Canadian bank stocks are famous for their financial stability. Some have paid dividends for more than a century! In recessions, they have maintained their dividend payouts, which makes them solid picks for safe dividend income. If it weren’t for the regulator being cautious about the economic health of the country and making the banks freeze their dividends during the pandemic, they could very well have raised their payouts.
The Canadian bank stocks fell in the market crash in 2020 during the pandemic. And they have recovered. Many have more than recovered and surpassed their heights set prior to the pandemic.
Going through the Big Six Canadian bank stocks, there’s not much value to be found, especially when compared to the pandemic levels. They’re not expensive, but they’re not cheap either. If investors must identify which may be cheaper compared to others, it might look something like the table that I made below with the recent bank stock prices, estimated valuations, and dividend yields displayed.
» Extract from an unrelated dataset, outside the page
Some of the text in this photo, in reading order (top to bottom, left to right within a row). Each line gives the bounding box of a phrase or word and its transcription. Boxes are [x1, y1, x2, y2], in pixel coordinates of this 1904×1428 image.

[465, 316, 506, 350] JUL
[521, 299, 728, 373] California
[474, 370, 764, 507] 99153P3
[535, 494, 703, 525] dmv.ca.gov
|Bank||Recent stock price||Estimated price-to-earnings ratio (P/E)||Recent dividend yields|
|Royal Bank of Canada||$136.45||12.3 — fairly valued||3.5%|
|Toronto-Dominion Bank||$94.59||11.7 — fairly valued||3.8%|
|Bank of Nova Scotia||$85.75||10.5 — slightly undervalued||4.7%|
|Bank of Montreal||$143.11||10.8 — slightly undervalued||3.7%|
|Canadian Imperial Bank of Commerce||$145.08||9.8 — undervalued||4.4%|
|National Bank of Canada||$93.73||10.1 — slightly undervalued||3.7%|
Among the Big Six Canadian banks, CIBC is the cheapest. However, it isn’t the cheapest Canadian bank stock you can buy. Canadian Western Bank (TSX:CWB) is.
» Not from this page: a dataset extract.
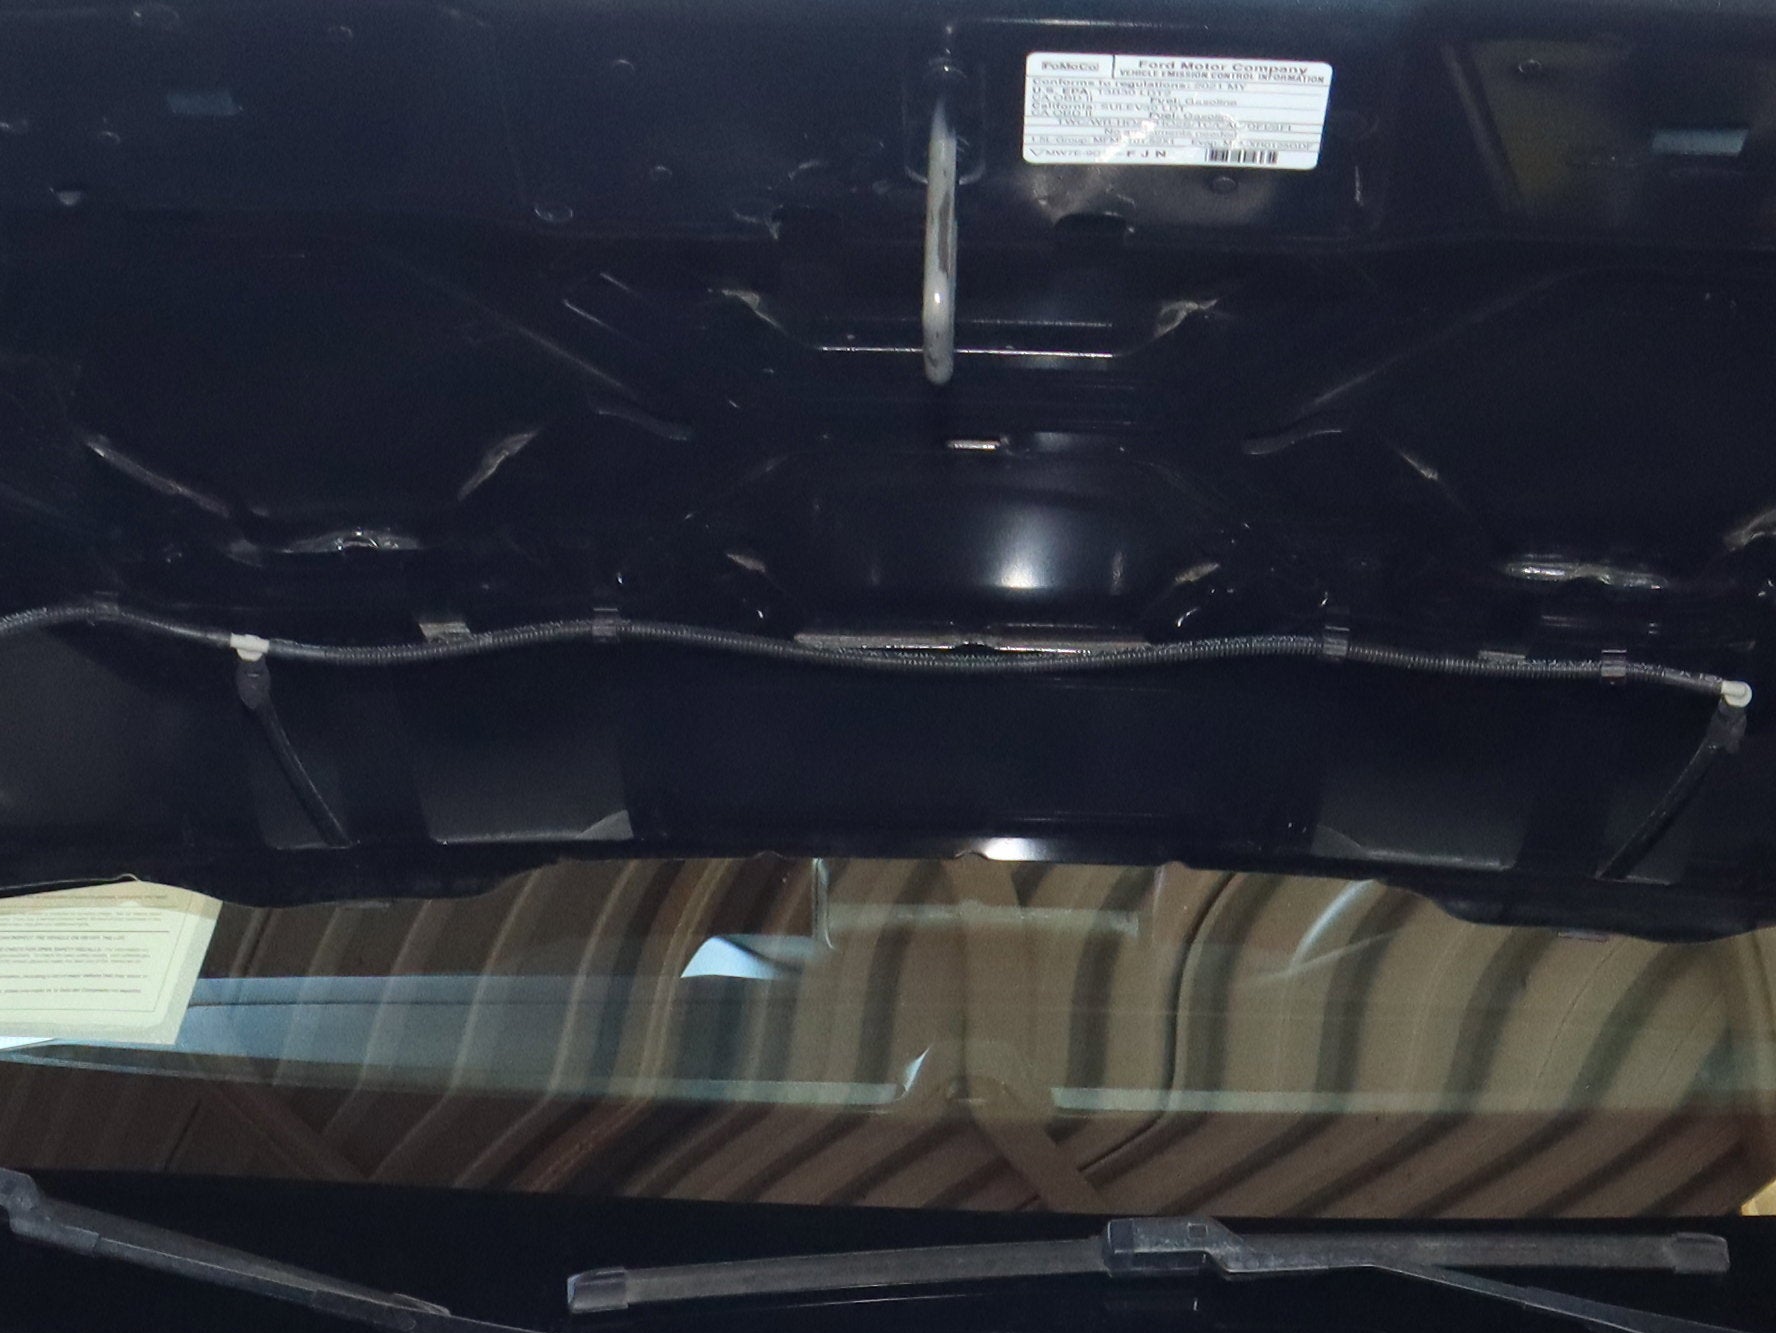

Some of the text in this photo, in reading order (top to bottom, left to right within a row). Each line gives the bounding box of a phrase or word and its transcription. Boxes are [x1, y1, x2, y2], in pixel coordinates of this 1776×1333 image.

The cheapest Canadian bank stock
CIBC trades at a discount of about 18% at writing versus Canadian Western Bank’s discount of approximately 24%. In the past, the latter’s earnings and stock price have been more volatile than its bigger peers due to its smaller size and greater exposure to resource-rich Alberta.
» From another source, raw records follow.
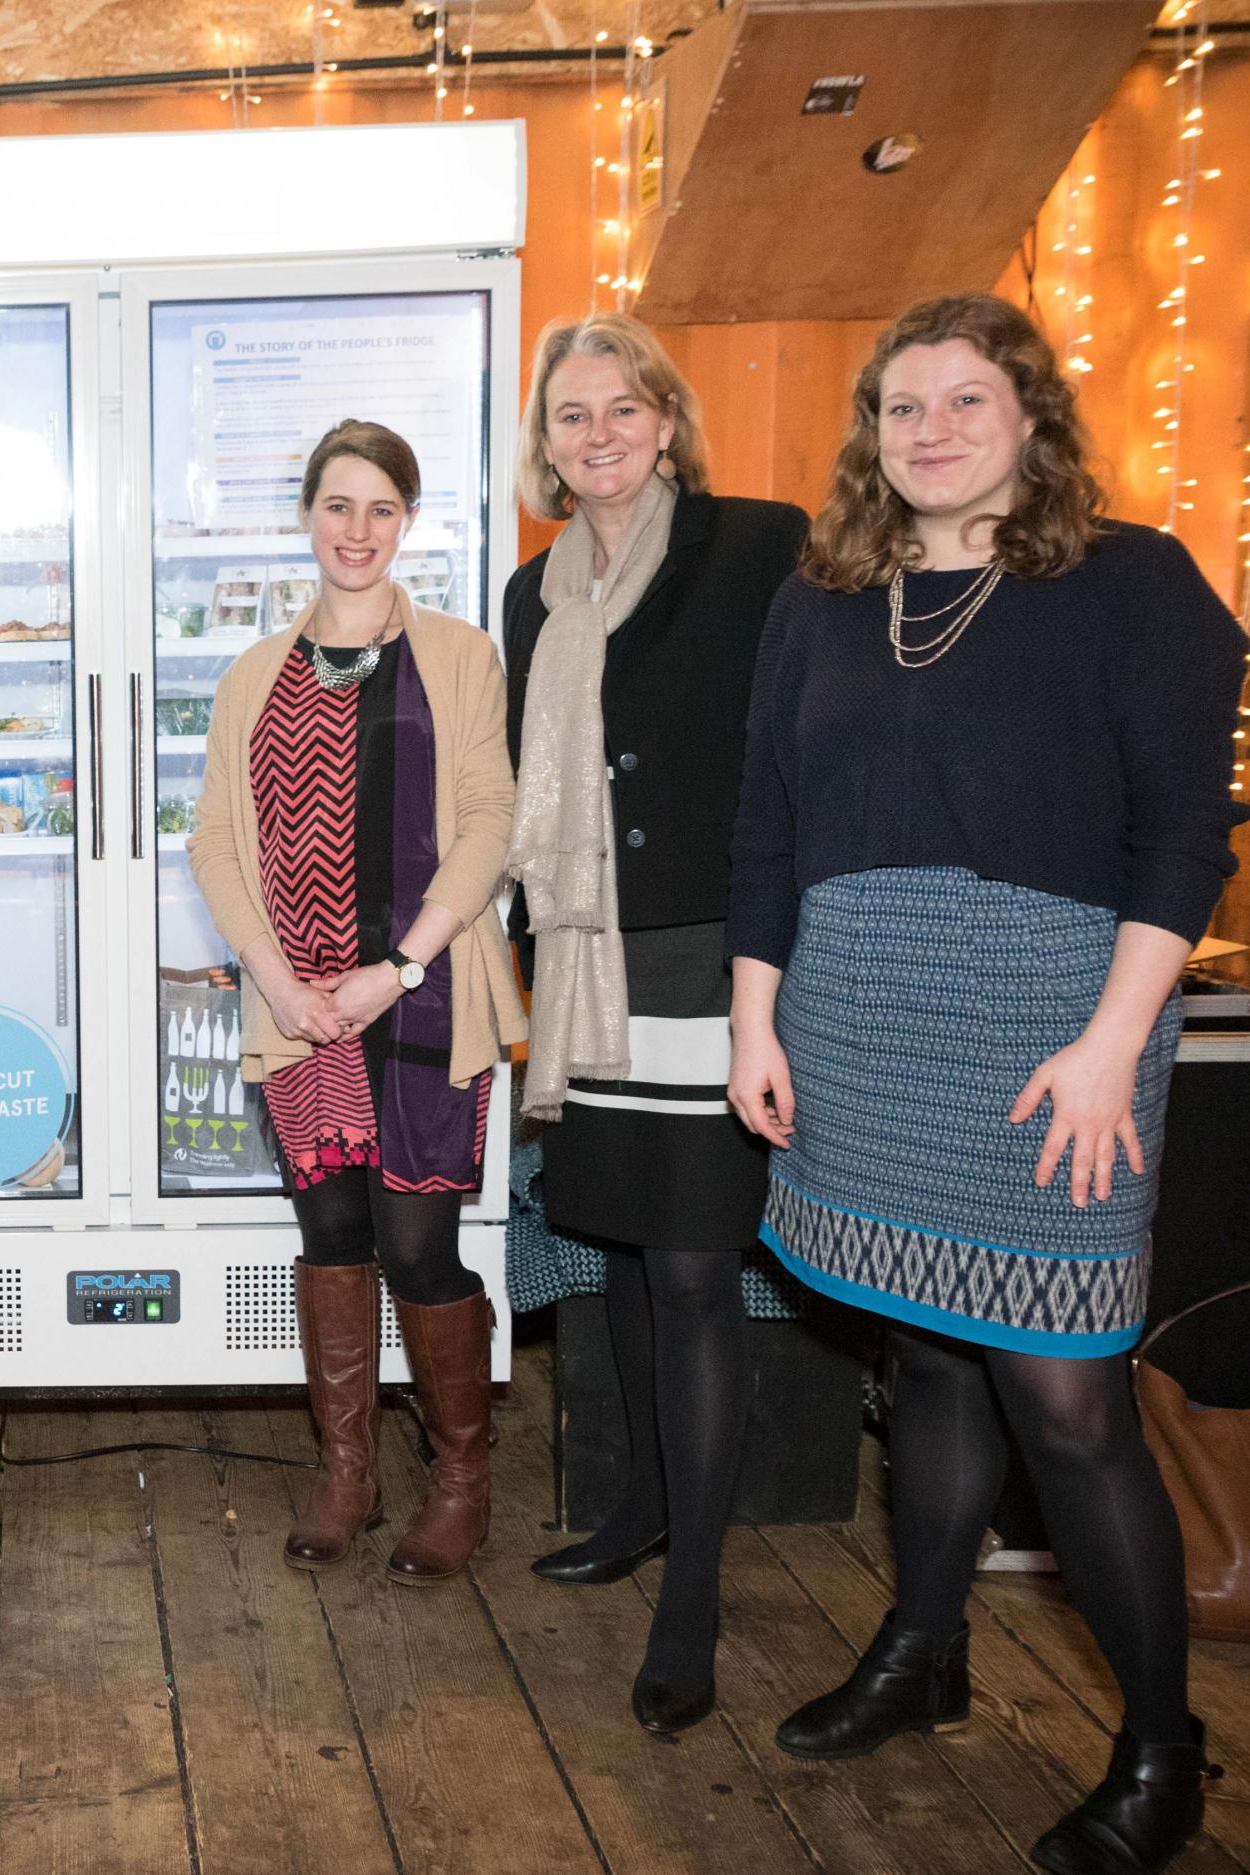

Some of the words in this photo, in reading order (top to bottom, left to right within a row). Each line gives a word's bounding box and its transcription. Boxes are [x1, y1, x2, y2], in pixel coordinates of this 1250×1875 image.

[235, 342, 256, 353] THE
[260, 341, 295, 353] STORY
[298, 340, 313, 351] OF
[317, 339, 337, 350] THE
[341, 337, 392, 349] PEOPLE'S
[395, 336, 435, 347] FRIDGE
[75, 1272, 171, 1289] POLAR
[76, 1288, 172, 1297] REFRIGERATION
Over the years, CWB has reduced its exposure to that geography by investing in other provinces like Ontario. Therefore, its earnings should be more stable going forward, as it will be less tied to oscillating commodity prices that are key to the health of the Albertan economy. Currently, it has 33%, 31%, and 24% of its loans in British Columbia, Alberta, and Ontario, respectively.
Canadian Western Bank has increased its dividend for 30 consecutive years. Its five-year dividend-growth rate is approximately 5%. Because its payout ratio is estimated to be about 31% this year, it continues to pay out a safe dividend and should have no problem raising its payout.
What analysts think
Last month, Paul Harris gave the following comments on Canadian Western Bank.
“It was a tough time for the stock when oil was down. Now, it’s in great shape. Its yield is 3.3%, not as high as the big banks. But at nine times earnings, it trades at below book value. It’s worth looking at. The world is looking a lot better for the banking industry. It will always trade at a lower multiple, as it’s regional.”Paul Harris, partner and portfolio manager at Harris Douglas Asset Management
At $33.56 per share at writing, Canadian Western Bank trades at about 8.8 times earnings and yields 3.6%. Technically, CWB stock is oversold. The dividend stock already looks decently attractive today, but the stock price could experience further downside from volatility in energy prices. If it gets pressured, the next support level will be at the $30-32 range.